[Stored data entries]
• • • • • • •

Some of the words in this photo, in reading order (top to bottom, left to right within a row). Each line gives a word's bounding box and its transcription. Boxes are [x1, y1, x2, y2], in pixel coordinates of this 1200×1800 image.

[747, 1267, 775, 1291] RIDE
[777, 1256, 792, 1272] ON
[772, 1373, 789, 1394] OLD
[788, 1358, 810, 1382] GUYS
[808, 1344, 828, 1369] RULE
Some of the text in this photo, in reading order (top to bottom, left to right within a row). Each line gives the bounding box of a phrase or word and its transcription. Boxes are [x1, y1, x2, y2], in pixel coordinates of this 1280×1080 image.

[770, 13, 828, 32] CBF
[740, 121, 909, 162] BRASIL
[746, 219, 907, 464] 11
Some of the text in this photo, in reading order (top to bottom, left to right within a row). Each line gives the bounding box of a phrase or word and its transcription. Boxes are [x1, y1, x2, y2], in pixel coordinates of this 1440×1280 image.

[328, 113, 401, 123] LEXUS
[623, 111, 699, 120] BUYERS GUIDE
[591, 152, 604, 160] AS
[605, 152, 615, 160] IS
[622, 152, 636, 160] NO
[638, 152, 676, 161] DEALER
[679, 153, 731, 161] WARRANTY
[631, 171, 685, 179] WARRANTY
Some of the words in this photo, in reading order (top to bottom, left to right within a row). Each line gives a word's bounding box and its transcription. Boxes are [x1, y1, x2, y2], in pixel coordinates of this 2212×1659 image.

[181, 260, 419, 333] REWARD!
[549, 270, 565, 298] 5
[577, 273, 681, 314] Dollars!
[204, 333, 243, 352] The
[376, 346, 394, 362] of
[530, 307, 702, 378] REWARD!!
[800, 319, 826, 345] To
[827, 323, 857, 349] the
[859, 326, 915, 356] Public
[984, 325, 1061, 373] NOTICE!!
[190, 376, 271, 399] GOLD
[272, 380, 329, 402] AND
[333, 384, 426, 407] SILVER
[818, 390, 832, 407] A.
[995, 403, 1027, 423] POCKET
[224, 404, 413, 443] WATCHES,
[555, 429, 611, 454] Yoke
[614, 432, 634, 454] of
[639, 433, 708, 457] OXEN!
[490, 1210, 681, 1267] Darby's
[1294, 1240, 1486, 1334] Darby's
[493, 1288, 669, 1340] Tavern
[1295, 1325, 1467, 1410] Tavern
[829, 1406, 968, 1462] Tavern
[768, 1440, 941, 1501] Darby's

• • • • • • •

- Exercise requirements -
Reproduce verbatim the stretch of lines beginning with the one containing "this 2212×1659 image." and ending at the close of the entries above.

- Written answer -
Some of the words in this photo, in reading order (top to bottom, left to right within a row). Each line gives a word's bounding box and its transcription. Boxes are [x1, y1, x2, y2], in pixel coordinates of this 2212×1659 image.

[181, 260, 419, 333] REWARD!
[549, 270, 565, 298] 5
[577, 273, 681, 314] Dollars!
[204, 333, 243, 352] The
[376, 346, 394, 362] of
[530, 307, 702, 378] REWARD!!
[800, 319, 826, 345] To
[827, 323, 857, 349] the
[859, 326, 915, 356] Public
[984, 325, 1061, 373] NOTICE!!
[190, 376, 271, 399] GOLD
[272, 380, 329, 402] AND
[333, 384, 426, 407] SILVER
[818, 390, 832, 407] A.
[995, 403, 1027, 423] POCKET
[224, 404, 413, 443] WATCHES,
[555, 429, 611, 454] Yoke
[614, 432, 634, 454] of
[639, 433, 708, 457] OXEN!
[490, 1210, 681, 1267] Darby's
[1294, 1240, 1486, 1334] Darby's
[493, 1288, 669, 1340] Tavern
[1295, 1325, 1467, 1410] Tavern
[829, 1406, 968, 1462] Tavern
[768, 1440, 941, 1501] Darby's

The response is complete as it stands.